Complete the Business Case
 
Itemizing the expected benefits of the implementation of a staffing management solution is only half of the business case. On the other side of the equation are the expected costs. Only with a complete picture of both costs and benefits can one then assess whether a decision to implement makes sound business sense.
 
When contemplating an IT purchase, it is clear that the figure on the invoice is not the real cost an organization will end up paying out down the road. Total Cost of Ownership, or TCO, is a concept used to represent the true costs of owning enterprise software. A TCO analysis seeks to measure all of the expenses, both human and technical, behind a given technology initiative. It includes all costs related to the lifecycle of the technology, including procurement, deployment, maintenance and support.
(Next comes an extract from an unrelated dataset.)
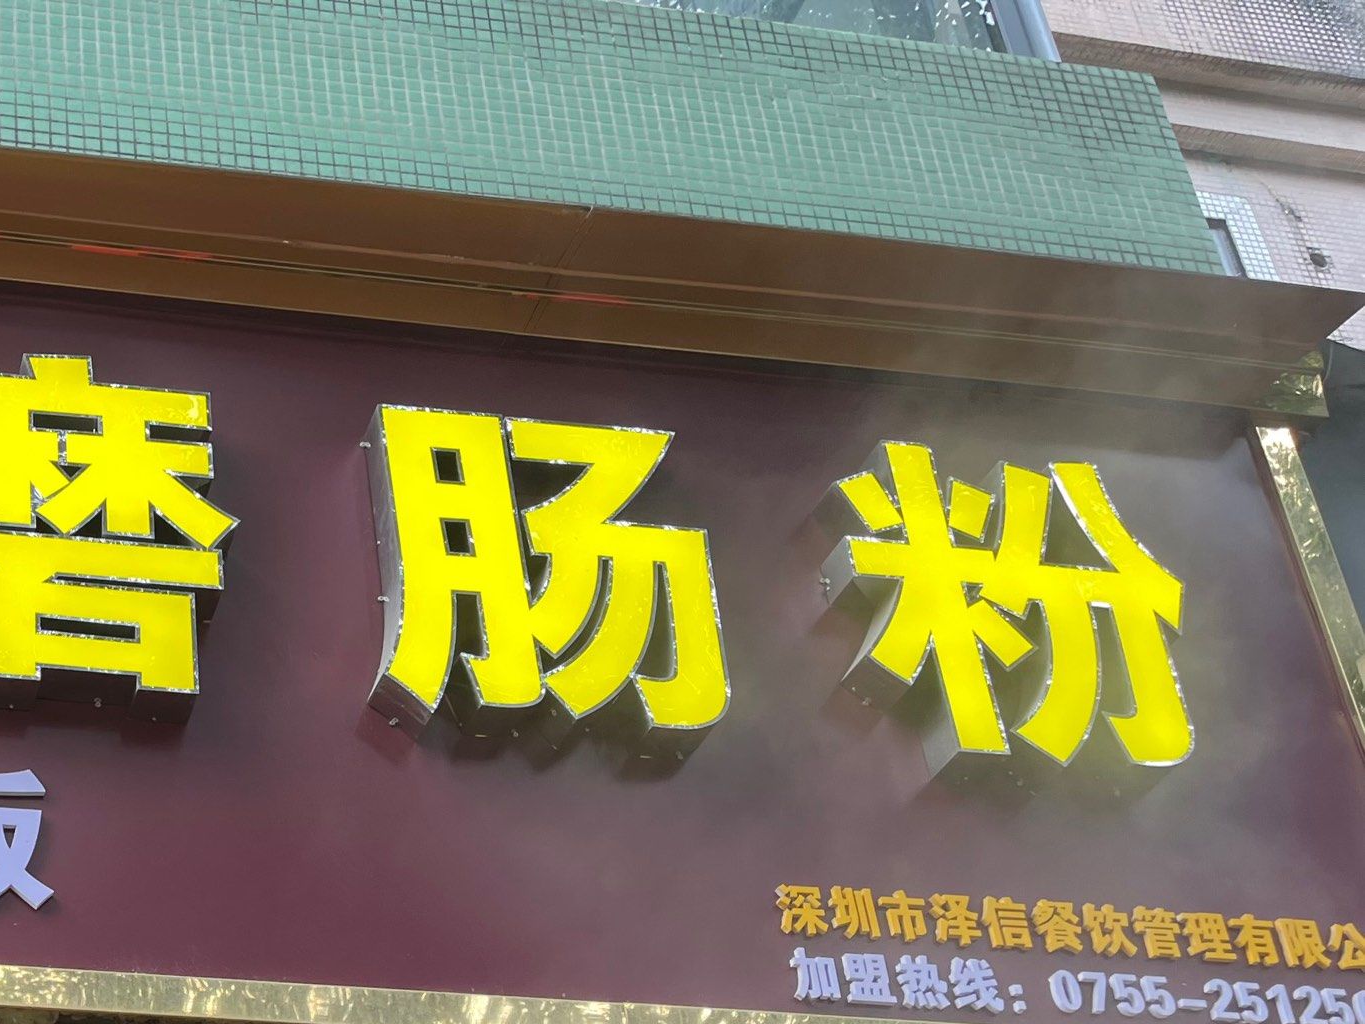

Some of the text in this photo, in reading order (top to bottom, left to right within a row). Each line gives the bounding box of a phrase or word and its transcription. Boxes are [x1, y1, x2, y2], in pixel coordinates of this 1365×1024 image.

[775, 884, 1365, 970] 深圳市泽信餐饮管理有限公
Thinking in terms of TCO helps the understanding and management of the budgeted and unbudgeted, direct and indirect costs incurred for acquiring, maintaining and using an enterprise computing application.
 
Total Cost of Ownership
 
Direct, budgeted expenditures relating to the solution itself include costs for the software. In some cases, there will be substantial additional costs for the hardware and IT infrastructure necessary to run the application. A staffing management solution from an Application Service Provider (ASP) simplifies a TCO analysis greatly, since it does not require the purchase of hardware or upgrades to a typical company IT infrastructure. In essence, the company does not “own” the software, it pays a usage fee, though many such providers will place the source code in escrow if requested. If you do not license the application from an ASP (which generally provides technical support), be prepared for stiff charge-backs from the IT department to support and maintain the hardware infrastructure necessary to run the application behind your company firewall, as well as the maintenance fees covered below.
 
The second component of direct costs is labor, including consulting, technical support, operations and administration. Support and training make the system work for users, and the price of those services must be factored into the TCO analysis. Combining the financial and human resources necessary to run and support the business application will give you a sense of the TCO for a particular staffing management solution.
 
For direct costs, it is helpful to break the TCO analysis into initial and ongoing costs. Initial costs include the software licensing fees and professional services fees for implementation and training. Don’t forget to include internal staffing costs for implementation and support, as well as pulling people off of regular duties for training.
 
Ongoing costs include maintenance fees and the cost of major upgrades. Here again costs come from the vendor and the IT infrastructure maintenance and upgrades, especially if the staffing management software solution is not delivered via the ASP model. Remember the human side – tech support, ongoing training, system admin staffing costs. There is a cost to each. Resources are being dedicated, when they could be applied elsewhere.
 
Indirect costs are a more difficult aspect to quantify, but they can often add significantly to the TCO. Indirect costs include unproductive end-user time, troubleshooting, and system downtime. Examine every area of cost or effort, at every key milestone in the lifecycle of the solution.
 
ROI
 
Once each of the line items outlined above is calculated, you can make the ROI estimation. The ROI equals the projected savings minus the total cost of ownership, less the cost of capital, i.e. ROI = (Savings - TCO) - cost of capital. As you build your business case, remember also to place value on the cost of delaying a project’s implementation time frame. Identify benchmarks from your company or the industry to use as a point of reference. Use the resources from outside experts, such as Taleo Research, to help you understand the ROI for your company and to support your position. By articulating the ROI of your staffing management solution choice this way, you will substantiate the case that excellence in the hiring and deployment of human capital assets is key to corporate success.